- _WHAT IS BEING ASKED_: Precisely the lines from the one with "this 1280×960 image." through the end of the data, both included, must make up the response, each restated word for word.
==== DATASET RECORDS ====
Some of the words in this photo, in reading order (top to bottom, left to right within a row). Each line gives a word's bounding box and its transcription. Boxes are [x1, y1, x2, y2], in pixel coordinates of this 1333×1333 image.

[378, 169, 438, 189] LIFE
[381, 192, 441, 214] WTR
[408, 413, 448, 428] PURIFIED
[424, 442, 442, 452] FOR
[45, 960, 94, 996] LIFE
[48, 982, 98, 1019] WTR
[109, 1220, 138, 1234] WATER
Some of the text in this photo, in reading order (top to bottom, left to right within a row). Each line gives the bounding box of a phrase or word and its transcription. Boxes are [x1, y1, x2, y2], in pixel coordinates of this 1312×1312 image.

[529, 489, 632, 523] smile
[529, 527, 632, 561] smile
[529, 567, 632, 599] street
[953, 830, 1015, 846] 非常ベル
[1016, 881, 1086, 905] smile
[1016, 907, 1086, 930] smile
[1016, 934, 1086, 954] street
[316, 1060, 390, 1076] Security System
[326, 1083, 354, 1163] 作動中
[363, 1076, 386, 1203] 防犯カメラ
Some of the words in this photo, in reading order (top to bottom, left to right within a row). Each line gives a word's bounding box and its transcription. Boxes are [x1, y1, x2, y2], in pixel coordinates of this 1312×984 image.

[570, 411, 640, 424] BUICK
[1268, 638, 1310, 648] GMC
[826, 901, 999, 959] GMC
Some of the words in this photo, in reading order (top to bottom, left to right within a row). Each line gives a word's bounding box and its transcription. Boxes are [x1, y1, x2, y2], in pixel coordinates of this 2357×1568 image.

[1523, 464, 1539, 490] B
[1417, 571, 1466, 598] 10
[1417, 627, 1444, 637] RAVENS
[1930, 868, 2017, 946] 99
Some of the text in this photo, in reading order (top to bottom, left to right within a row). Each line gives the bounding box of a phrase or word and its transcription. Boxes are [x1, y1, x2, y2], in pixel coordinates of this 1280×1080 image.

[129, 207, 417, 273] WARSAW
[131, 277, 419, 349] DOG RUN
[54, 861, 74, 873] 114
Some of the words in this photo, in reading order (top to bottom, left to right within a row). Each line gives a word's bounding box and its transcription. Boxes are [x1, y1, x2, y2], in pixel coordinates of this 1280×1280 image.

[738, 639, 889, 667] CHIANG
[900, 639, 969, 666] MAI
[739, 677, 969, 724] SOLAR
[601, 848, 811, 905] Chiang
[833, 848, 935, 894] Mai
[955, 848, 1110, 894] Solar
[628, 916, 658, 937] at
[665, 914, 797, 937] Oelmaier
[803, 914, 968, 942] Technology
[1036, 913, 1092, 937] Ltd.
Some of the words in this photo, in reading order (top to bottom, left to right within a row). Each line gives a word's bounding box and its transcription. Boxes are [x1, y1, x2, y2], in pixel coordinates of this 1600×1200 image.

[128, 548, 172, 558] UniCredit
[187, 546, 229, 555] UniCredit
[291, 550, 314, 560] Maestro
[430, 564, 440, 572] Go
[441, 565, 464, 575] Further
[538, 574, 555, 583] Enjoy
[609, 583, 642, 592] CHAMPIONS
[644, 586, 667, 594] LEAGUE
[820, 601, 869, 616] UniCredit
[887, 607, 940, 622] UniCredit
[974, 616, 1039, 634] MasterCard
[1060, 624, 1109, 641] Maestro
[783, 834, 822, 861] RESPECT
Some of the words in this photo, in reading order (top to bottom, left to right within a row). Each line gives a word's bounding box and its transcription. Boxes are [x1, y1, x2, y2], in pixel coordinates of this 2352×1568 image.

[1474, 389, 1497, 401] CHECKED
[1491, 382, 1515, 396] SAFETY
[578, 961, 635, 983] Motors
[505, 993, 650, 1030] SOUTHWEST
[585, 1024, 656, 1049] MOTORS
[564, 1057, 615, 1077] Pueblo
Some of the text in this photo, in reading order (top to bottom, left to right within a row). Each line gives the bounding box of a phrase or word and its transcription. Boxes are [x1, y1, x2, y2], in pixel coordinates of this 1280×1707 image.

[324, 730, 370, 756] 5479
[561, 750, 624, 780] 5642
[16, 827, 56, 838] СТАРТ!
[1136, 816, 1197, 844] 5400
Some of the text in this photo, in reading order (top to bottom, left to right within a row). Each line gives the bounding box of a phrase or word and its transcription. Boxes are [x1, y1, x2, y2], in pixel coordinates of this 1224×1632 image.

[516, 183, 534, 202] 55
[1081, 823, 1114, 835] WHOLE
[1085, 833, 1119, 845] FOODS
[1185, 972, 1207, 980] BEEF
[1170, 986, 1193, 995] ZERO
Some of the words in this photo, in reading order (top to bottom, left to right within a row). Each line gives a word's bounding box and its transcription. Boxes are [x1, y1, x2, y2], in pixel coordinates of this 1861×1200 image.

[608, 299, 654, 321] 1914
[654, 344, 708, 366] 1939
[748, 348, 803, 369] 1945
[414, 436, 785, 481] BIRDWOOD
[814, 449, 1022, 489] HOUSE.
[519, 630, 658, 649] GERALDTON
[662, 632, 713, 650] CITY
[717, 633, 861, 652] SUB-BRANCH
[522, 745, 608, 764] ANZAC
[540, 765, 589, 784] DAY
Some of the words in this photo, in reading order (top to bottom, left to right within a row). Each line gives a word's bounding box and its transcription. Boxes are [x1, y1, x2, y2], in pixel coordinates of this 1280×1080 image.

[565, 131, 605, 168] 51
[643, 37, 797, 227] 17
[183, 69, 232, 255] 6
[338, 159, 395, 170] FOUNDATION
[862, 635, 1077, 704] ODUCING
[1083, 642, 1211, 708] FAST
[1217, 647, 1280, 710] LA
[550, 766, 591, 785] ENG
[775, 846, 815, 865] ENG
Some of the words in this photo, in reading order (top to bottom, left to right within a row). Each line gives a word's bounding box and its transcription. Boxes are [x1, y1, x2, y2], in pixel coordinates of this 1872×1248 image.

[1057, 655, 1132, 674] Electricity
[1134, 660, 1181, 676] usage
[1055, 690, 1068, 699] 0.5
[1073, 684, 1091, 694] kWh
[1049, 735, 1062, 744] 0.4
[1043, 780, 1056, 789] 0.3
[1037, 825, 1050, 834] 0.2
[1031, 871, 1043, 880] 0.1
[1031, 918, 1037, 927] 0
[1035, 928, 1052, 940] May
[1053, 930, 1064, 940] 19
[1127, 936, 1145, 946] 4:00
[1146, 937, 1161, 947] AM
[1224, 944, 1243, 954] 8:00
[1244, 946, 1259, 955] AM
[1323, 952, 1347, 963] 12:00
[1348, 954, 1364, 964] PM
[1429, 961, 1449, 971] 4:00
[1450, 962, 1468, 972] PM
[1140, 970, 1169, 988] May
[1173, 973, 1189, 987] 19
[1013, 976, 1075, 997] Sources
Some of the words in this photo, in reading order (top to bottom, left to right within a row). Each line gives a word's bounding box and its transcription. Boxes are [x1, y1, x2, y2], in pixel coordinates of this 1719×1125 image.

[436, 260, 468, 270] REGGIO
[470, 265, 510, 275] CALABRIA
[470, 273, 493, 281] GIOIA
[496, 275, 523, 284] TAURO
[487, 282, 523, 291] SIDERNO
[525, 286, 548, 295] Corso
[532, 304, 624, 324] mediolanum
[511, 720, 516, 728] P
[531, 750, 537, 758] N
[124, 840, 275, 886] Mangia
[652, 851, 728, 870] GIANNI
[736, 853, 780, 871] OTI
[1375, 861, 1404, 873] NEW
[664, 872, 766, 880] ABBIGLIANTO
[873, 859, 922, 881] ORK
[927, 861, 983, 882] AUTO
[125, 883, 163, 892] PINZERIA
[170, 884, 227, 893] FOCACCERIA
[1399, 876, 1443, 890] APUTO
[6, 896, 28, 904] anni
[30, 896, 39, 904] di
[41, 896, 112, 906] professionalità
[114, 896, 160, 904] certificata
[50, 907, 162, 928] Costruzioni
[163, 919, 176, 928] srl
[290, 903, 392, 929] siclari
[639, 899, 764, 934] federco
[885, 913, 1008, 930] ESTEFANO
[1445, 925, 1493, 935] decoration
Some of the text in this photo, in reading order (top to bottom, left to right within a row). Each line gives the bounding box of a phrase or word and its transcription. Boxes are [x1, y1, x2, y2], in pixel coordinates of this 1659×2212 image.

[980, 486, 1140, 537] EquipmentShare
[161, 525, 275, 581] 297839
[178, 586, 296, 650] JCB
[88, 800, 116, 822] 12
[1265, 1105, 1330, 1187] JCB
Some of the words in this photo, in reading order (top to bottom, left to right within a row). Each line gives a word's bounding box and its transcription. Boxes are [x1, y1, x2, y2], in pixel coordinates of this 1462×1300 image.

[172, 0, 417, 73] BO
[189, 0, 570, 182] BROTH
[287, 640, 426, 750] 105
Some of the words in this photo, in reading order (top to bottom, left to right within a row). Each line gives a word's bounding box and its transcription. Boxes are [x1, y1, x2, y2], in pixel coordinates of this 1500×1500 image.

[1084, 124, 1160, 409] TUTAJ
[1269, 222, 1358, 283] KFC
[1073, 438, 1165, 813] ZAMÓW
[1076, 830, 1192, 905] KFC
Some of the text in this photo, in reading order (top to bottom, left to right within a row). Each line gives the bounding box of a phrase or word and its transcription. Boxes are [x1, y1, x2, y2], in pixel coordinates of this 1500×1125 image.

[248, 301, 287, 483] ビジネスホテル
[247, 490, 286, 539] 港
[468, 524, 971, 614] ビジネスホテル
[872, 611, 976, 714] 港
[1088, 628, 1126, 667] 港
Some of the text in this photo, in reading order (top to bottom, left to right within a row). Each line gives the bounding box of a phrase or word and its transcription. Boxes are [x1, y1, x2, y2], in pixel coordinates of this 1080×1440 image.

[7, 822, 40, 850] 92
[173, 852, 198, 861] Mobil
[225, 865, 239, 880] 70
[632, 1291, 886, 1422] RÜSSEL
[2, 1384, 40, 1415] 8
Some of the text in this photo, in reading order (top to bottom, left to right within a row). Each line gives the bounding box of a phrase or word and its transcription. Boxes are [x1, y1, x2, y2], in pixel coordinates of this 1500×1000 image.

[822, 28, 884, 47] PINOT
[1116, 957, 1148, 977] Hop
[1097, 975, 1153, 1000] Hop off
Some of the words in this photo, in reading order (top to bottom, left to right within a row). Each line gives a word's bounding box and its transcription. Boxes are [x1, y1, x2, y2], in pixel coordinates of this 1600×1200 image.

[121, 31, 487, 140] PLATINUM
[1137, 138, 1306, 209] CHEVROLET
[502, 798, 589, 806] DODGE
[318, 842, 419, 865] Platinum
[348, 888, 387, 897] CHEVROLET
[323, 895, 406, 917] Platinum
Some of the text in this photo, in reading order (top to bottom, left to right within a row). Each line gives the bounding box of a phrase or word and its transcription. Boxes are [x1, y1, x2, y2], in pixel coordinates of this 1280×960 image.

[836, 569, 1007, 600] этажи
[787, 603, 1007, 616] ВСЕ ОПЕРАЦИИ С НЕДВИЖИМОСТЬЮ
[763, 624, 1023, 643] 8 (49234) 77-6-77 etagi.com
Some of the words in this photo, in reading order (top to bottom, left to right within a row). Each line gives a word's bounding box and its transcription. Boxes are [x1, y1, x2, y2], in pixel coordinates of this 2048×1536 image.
====
- _EXERCISE SOLUTION_:
Some of the text in this photo, in reading order (top to bottom, left to right within a row). Each line gives the bounding box of a phrase or word and its transcription. Boxes are [x1, y1, x2, y2], in pixel coordinates of this 1280×960 image.

[836, 569, 1007, 600] этажи
[787, 603, 1007, 616] ВСЕ ОПЕРАЦИИ С НЕДВИЖИМОСТЬЮ
[763, 624, 1023, 643] 8 (49234) 77-6-77 etagi.com
Some of the words in this photo, in reading order (top to bottom, left to right within a row). Each line gives a word's bounding box and its transcription. Boxes are [x1, y1, x2, y2], in pixel coordinates of this 2048×1536 image.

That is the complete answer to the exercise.